**THE TASK**. The task calls for every entry to be printed word for word, without the images.

'''

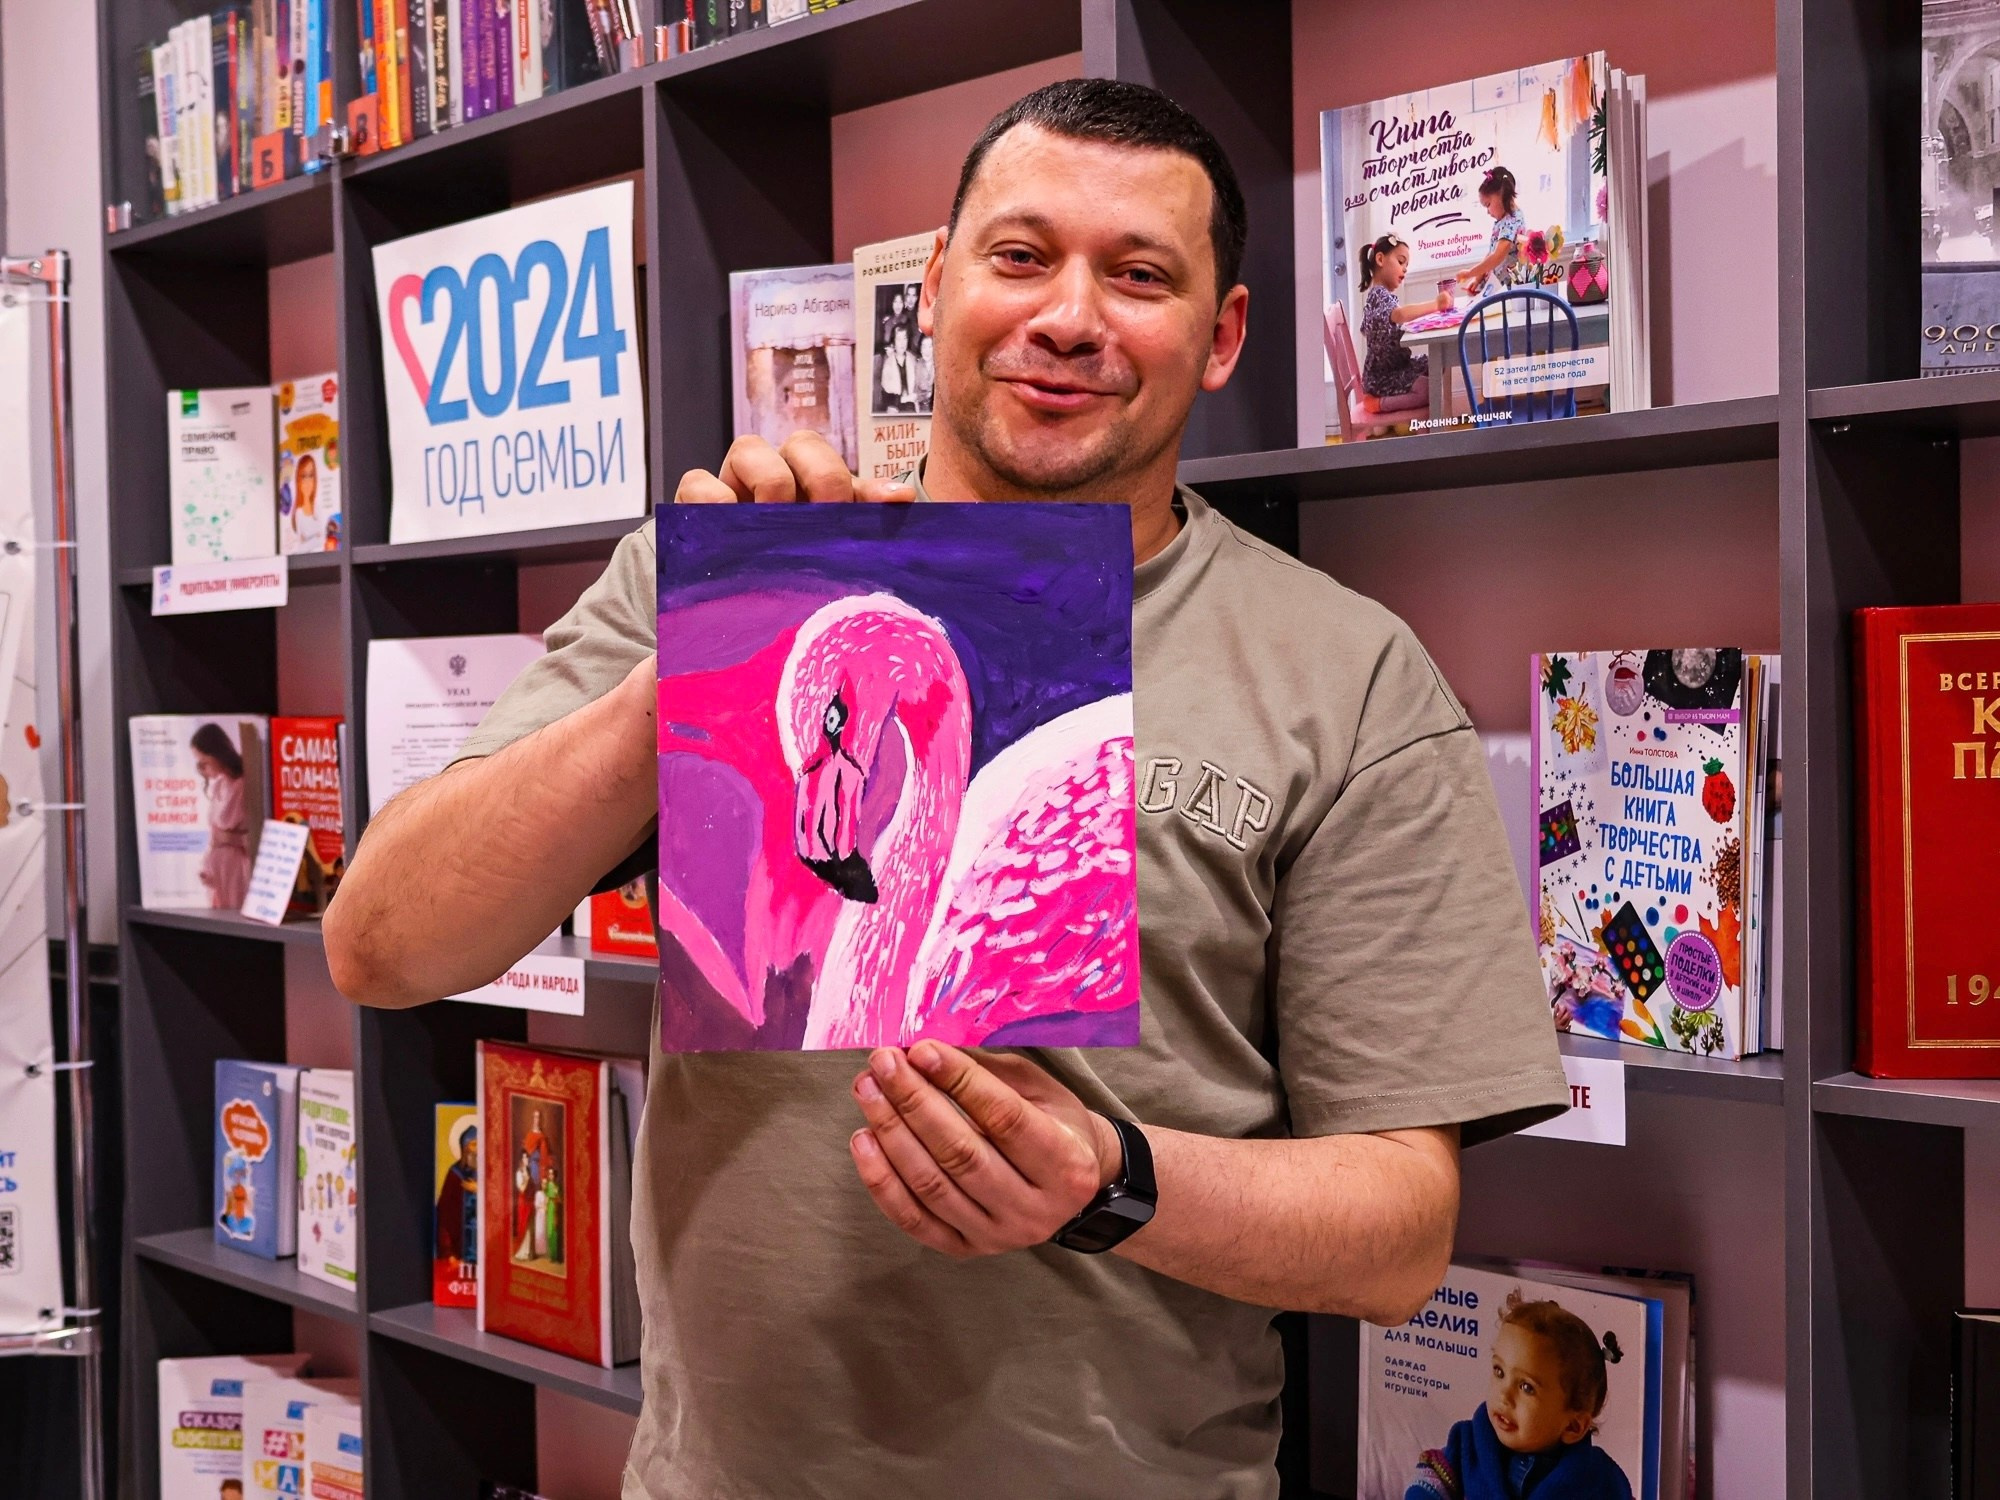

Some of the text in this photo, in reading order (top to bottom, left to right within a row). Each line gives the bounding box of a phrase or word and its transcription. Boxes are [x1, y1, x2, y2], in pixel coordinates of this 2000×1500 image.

[1368, 110, 1456, 153] Книга
[260, 148, 274, 179] Б
[1361, 130, 1475, 180] творчества
[1344, 146, 1494, 212] для счастливого
[1390, 180, 1463, 225] ребенка
[1417, 232, 1483, 251] Учимся говорить
[1430, 244, 1472, 261] «спасибо!»
[754, 298, 850, 319] Наринэ Абгарян
[420, 225, 627, 427] 2024
[1494, 356, 1595, 376] 52 затеи для творчества
[1513, 377, 1528, 385] все
[1529, 373, 1565, 385] времена
[1567, 370, 1587, 380] года
[874, 423, 920, 442] ЖИЛИ-
[1409, 410, 1513, 432] Джоанна Гжешчак
[886, 440, 926, 460] БЫЛИ
[447, 688, 471, 696] УКАЗ
[1629, 747, 1678, 759] Инна ТОЛСТОВА
[1611, 761, 1695, 797] БОЛЬШАЯ
[1138, 757, 1274, 851] GAP
[1624, 795, 1676, 826] КНИГА
[1599, 823, 1702, 864] ТВОРЧЕСТВА
[1604, 856, 1693, 895] С ДЕТЬМИ
[1679, 942, 1712, 965] ПРОСТЫЕ
[1671, 953, 1715, 983] ПОДЕЛКИ
[507, 971, 530, 991] РОДА
[534, 974, 540, 988] И
[542, 975, 580, 997] НАРОДА
[1675, 972, 1699, 988] ДЕТСКИЙ
[1700, 984, 1712, 996] САД
[1681, 987, 1702, 1002] ШКОЛУ
[1569, 1085, 1591, 1109] ТЕ
[1432, 1287, 1479, 1309] ные
[1385, 1329, 1478, 1358] для малыша
[1385, 1356, 1426, 1371] одежда
[1385, 1368, 1450, 1390] аксессуары
[1385, 1381, 1428, 1398] игрушки

'''

**TASK OUTPUT**.
Some of the text in this photo, in reading order (top to bottom, left to right within a row). Each line gives the bounding box of a phrase or word and its transcription. Boxes are [x1, y1, x2, y2], in pixel coordinates of this 2000×1500 image.

[1368, 110, 1456, 153] Книга
[260, 148, 274, 179] Б
[1361, 130, 1475, 180] творчества
[1344, 146, 1494, 212] для счастливого
[1390, 180, 1463, 225] ребенка
[1417, 232, 1483, 251] Учимся говорить
[1430, 244, 1472, 261] «спасибо!»
[754, 298, 850, 319] Наринэ Абгарян
[420, 225, 627, 427] 2024
[1494, 356, 1595, 376] 52 затеи для творчества
[1513, 377, 1528, 385] все
[1529, 373, 1565, 385] времена
[1567, 370, 1587, 380] года
[874, 423, 920, 442] ЖИЛИ-
[1409, 410, 1513, 432] Джоанна Гжешчак
[886, 440, 926, 460] БЫЛИ
[447, 688, 471, 696] УКАЗ
[1629, 747, 1678, 759] Инна ТОЛСТОВА
[1611, 761, 1695, 797] БОЛЬШАЯ
[1138, 757, 1274, 851] GAP
[1624, 795, 1676, 826] КНИГА
[1599, 823, 1702, 864] ТВОРЧЕСТВА
[1604, 856, 1693, 895] С ДЕТЬМИ
[1679, 942, 1712, 965] ПРОСТЫЕ
[1671, 953, 1715, 983] ПОДЕЛКИ
[507, 971, 530, 991] РОДА
[534, 974, 540, 988] И
[542, 975, 580, 997] НАРОДА
[1675, 972, 1699, 988] ДЕТСКИЙ
[1700, 984, 1712, 996] САД
[1681, 987, 1702, 1002] ШКОЛУ
[1569, 1085, 1591, 1109] ТЕ
[1432, 1287, 1479, 1309] ные
[1385, 1329, 1478, 1358] для малыша
[1385, 1356, 1426, 1371] одежда
[1385, 1368, 1450, 1390] аксессуары
[1385, 1381, 1428, 1398] игрушки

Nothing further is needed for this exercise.